Let me stop before I go on a full-on
rant explanation about my condition, as this blog post isn’t about that. My post is about seeking people’s understanding as well as to get more people to shed their prejudices.
It has been about 3 years since I’ve been diagnosed and what I have learnt is that more often than not, those who truly understand are those who have chronic conditions too. As awesome it is to have another human empathise with our condition, I want ‘normal’ and ‘healthy’ people to appreciate that despite our chronic illnesses, we’re living as normal a life as we can.
I’ve heard many stories from friends who have chronic illnesses (not only me) and often times, they too complain that when they take medical leave because they have to, their colleagues get upset and roll their eyes to say, “Yet again.” Sounds way too familiar to me.

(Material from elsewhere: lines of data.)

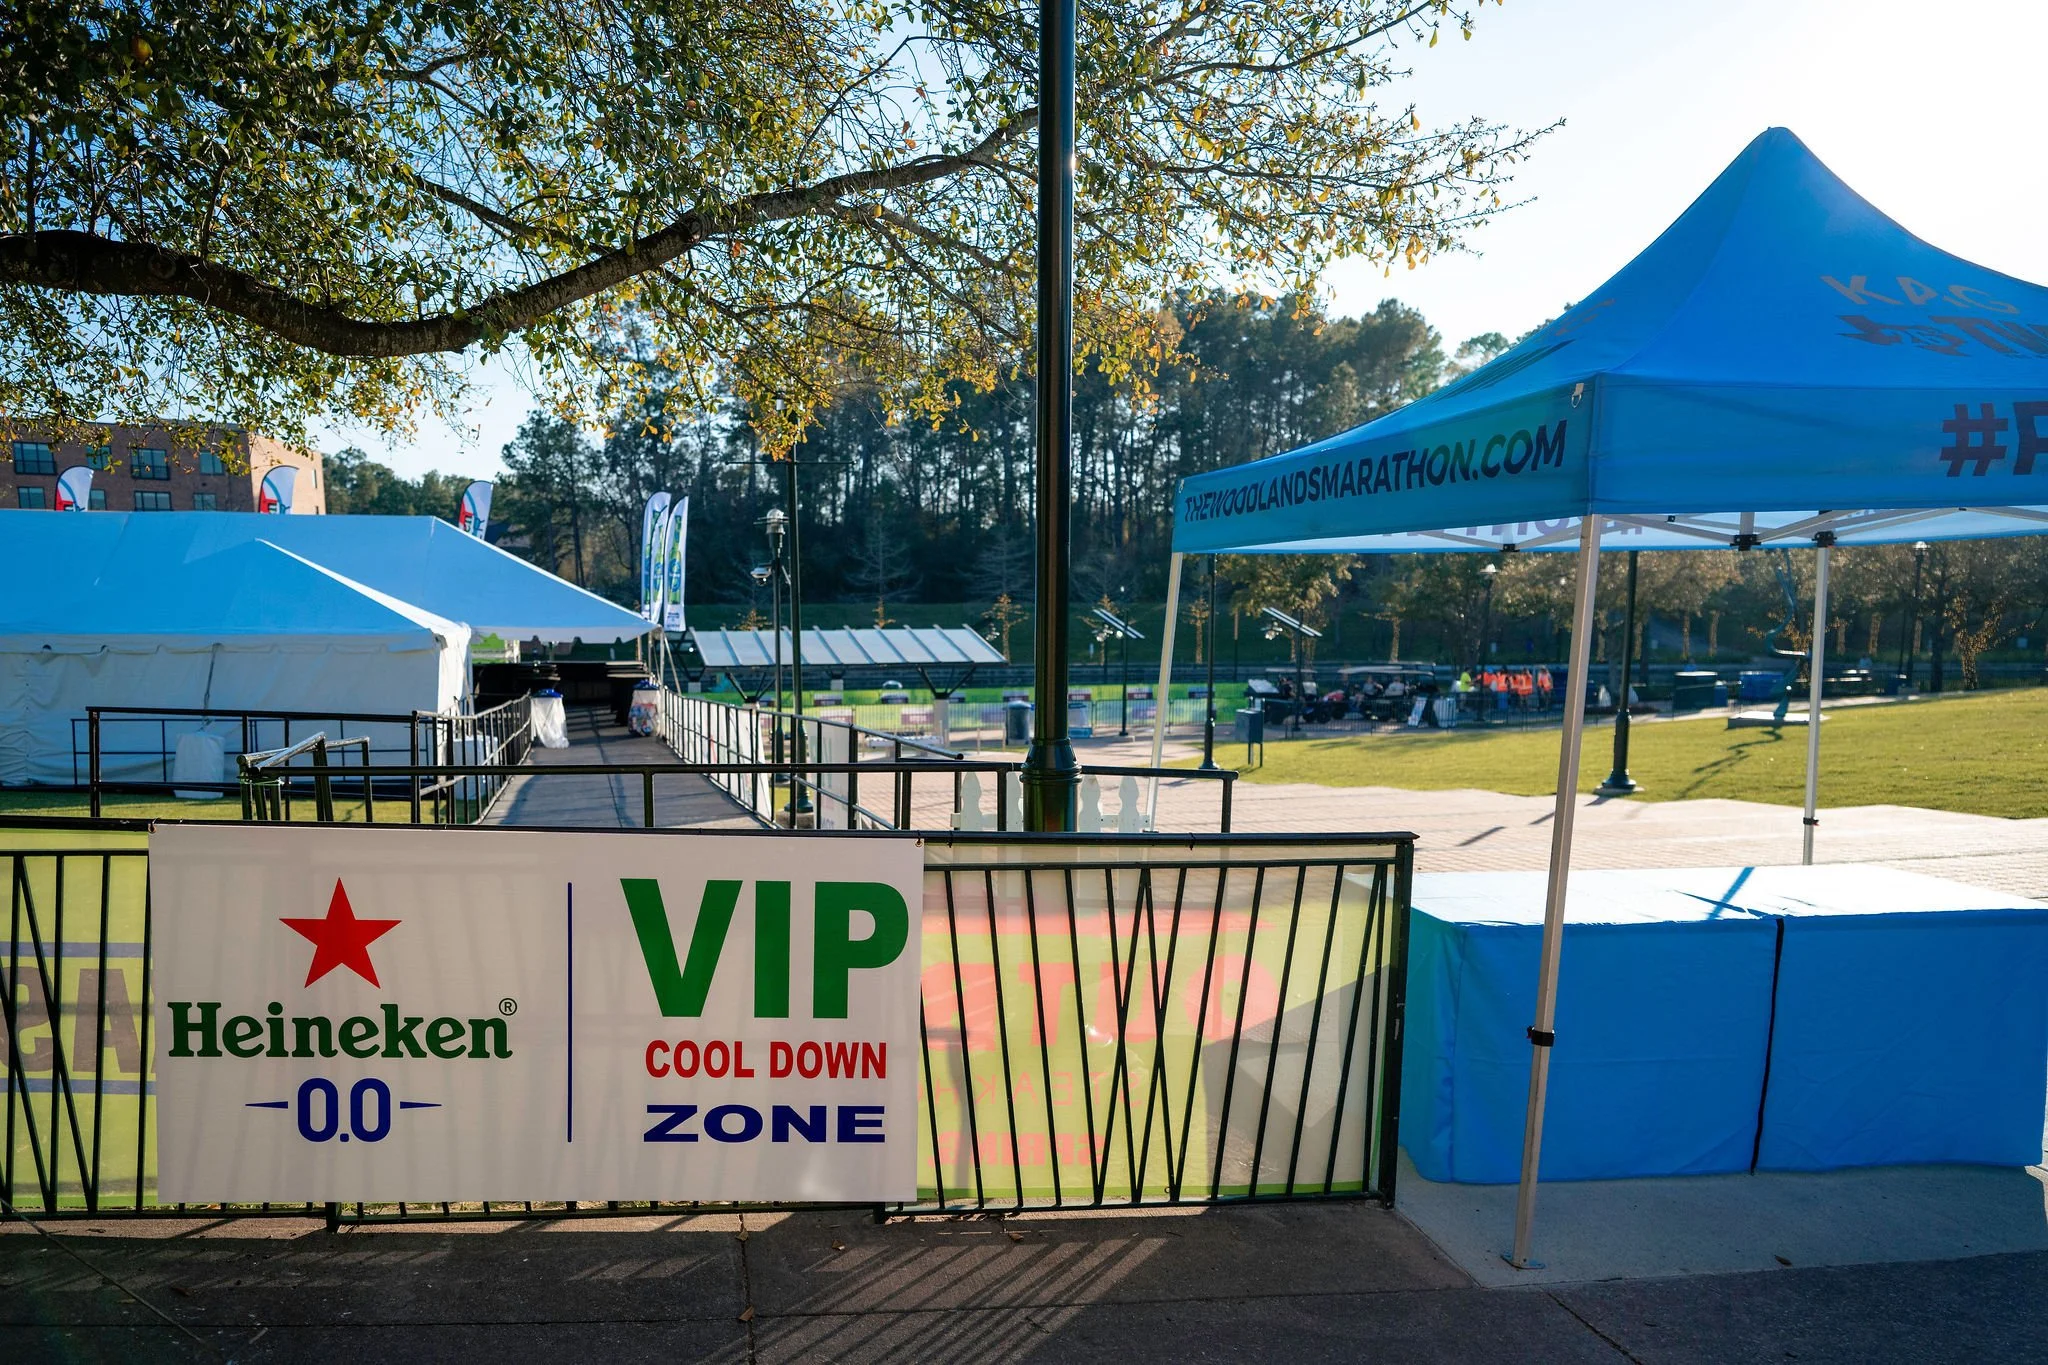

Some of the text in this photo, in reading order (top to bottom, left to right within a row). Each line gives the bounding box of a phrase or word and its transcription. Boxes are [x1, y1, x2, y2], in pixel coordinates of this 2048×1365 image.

[1184, 419, 1568, 523] THEWOODLANDSMARATHON.COM
[620, 878, 909, 1019] VIP
[645, 1039, 887, 1080] COOL DOWN
[297, 1077, 391, 1143] 0.0
[643, 1104, 885, 1143] ZONE
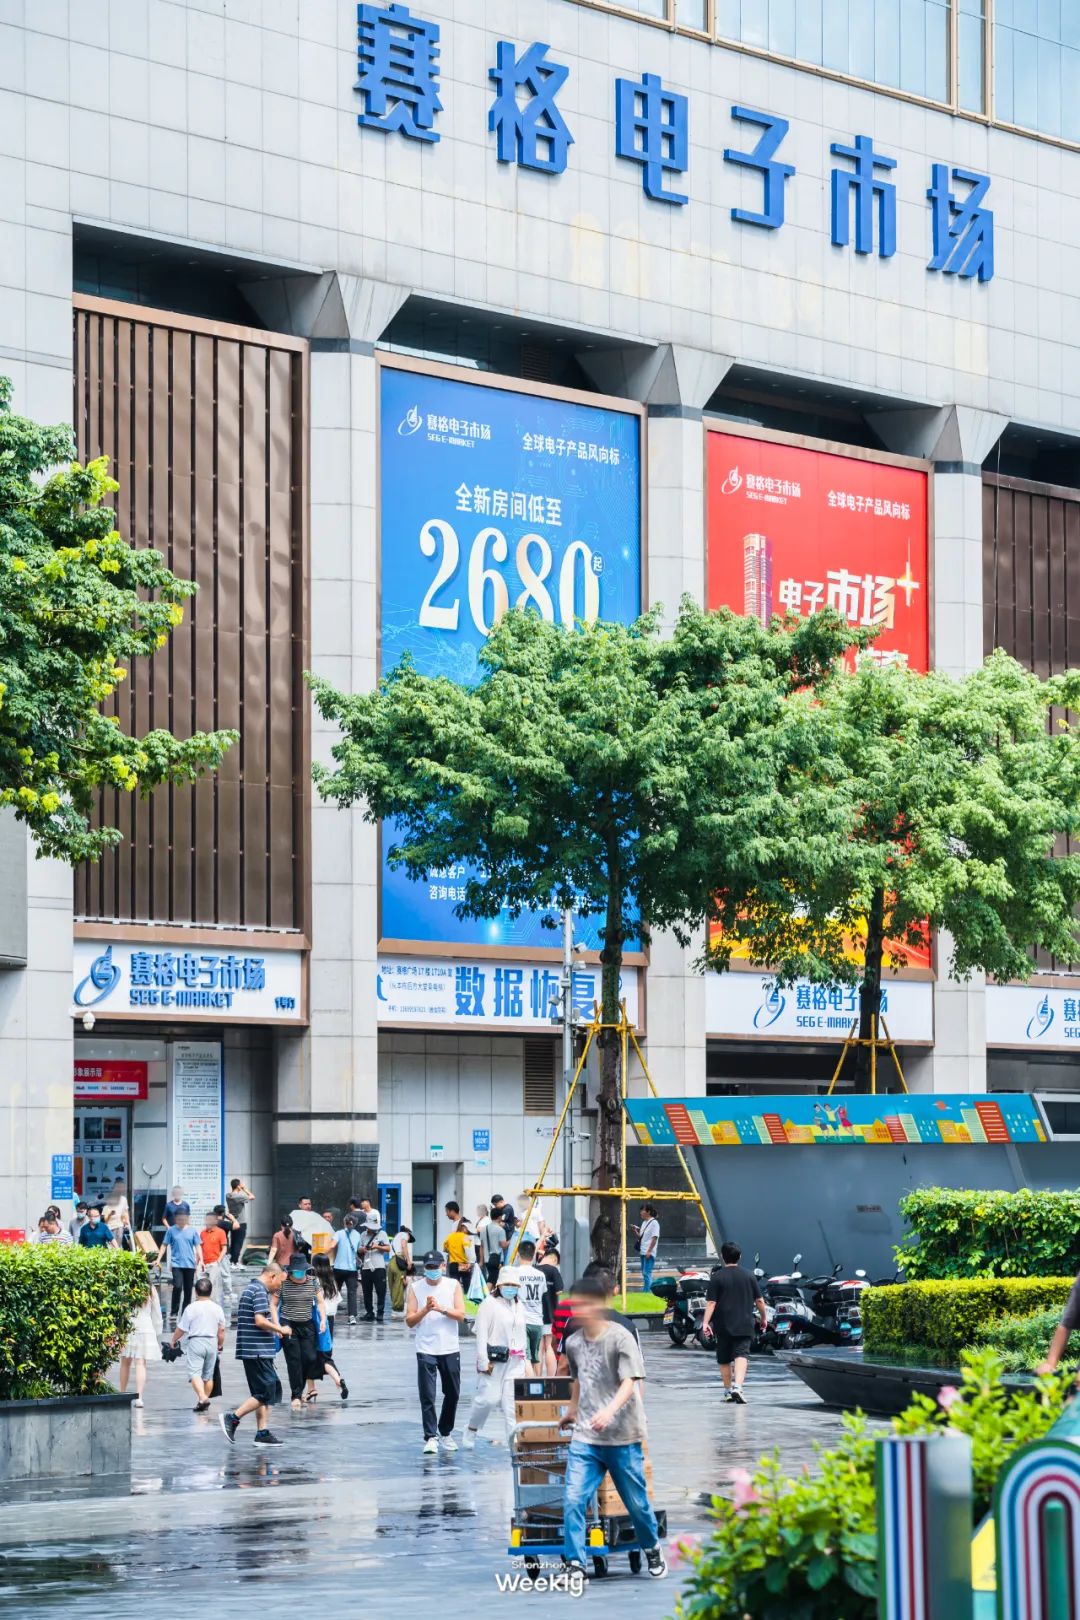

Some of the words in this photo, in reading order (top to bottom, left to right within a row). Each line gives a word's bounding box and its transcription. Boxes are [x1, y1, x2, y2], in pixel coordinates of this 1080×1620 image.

[353, 3, 995, 283] 赛格电子市场
[427, 414, 491, 441] 赛格电子市场
[522, 432, 620, 465] 全球电子产品风向标
[746, 473, 801, 498] 赛格电子市场
[455, 482, 562, 527] 全新房间低至
[827, 490, 911, 521] 全球电子产品风向标
[419, 518, 600, 638] 2680
[429, 885, 466, 902] 咨询电话
[129, 951, 267, 991] 赛格电子市场
[129, 989, 159, 1007] SEG
[455, 966, 596, 1020] 数据恢复
[796, 983, 889, 1013] 赛格电子场
[796, 1015, 816, 1029] SEG
[817, 1016, 860, 1031] E-MARK
[1063, 997, 1080, 1022] 赛
[525, 1284, 540, 1301] M
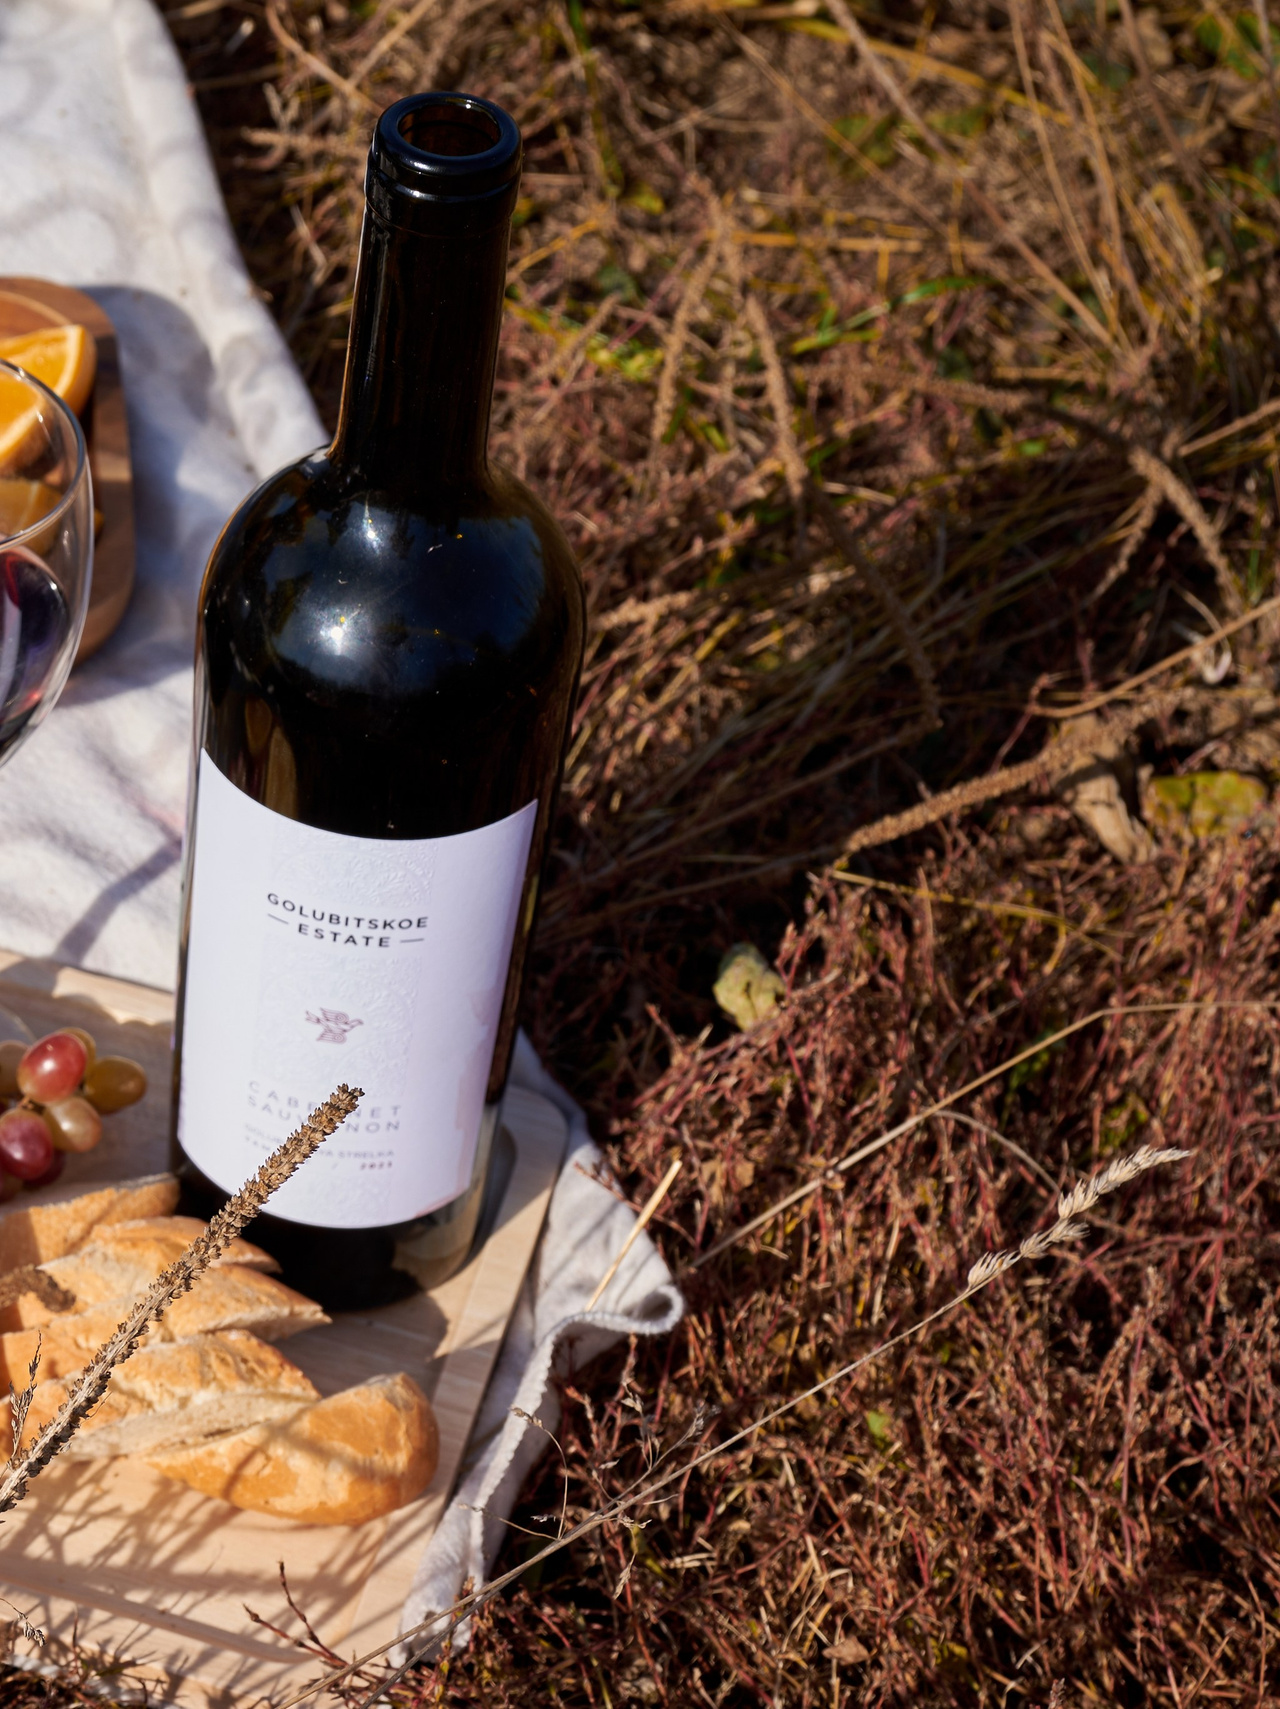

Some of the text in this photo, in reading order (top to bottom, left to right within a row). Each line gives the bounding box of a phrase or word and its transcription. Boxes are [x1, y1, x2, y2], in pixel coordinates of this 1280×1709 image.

It has gotten to the point where I don’t feel that I’ve got the right to take my 14 days of annual medical leave and instead, have to take my regular leave when I’m actually not feeling well. I’m not the only one. Talking to these friends of mine, they too feel guilty whenever they have to take medical leave. When I tell this to my good ‘healthy’ friends, they get angry on my behalf and exclaim, “But it’s your right!” Uh huh…tell that to the rest of the world who obviously take a sickie when they’re not sick. These people don’t realise the number of times that I haul my ass to work when I really am not feeling 100%. Please just accept that we’re really not feeling well and stop thinking that we’re trying to screw your work life up.
So, do forgive me for those days where I’m super emo, suddenly lethargic or when I just don’t seem sociable. I don’t see my endometriosis as a crutch. I do wish that I didn’t have it but since I do have it, I just see it as something that I have to live with. Just like how some people hate their legs/arms/butt/shape of their eyes, I hate my condition but I still have to live with it. Can’t help it.
I’m trying my best to not let it get to me (there are weeks where I may only work 3 days but I’m helluva more efficient than my peers) but I would really appreciate it if you don’t make my life harder than it already is. No need to walk on eggshells. Just don’t judge me.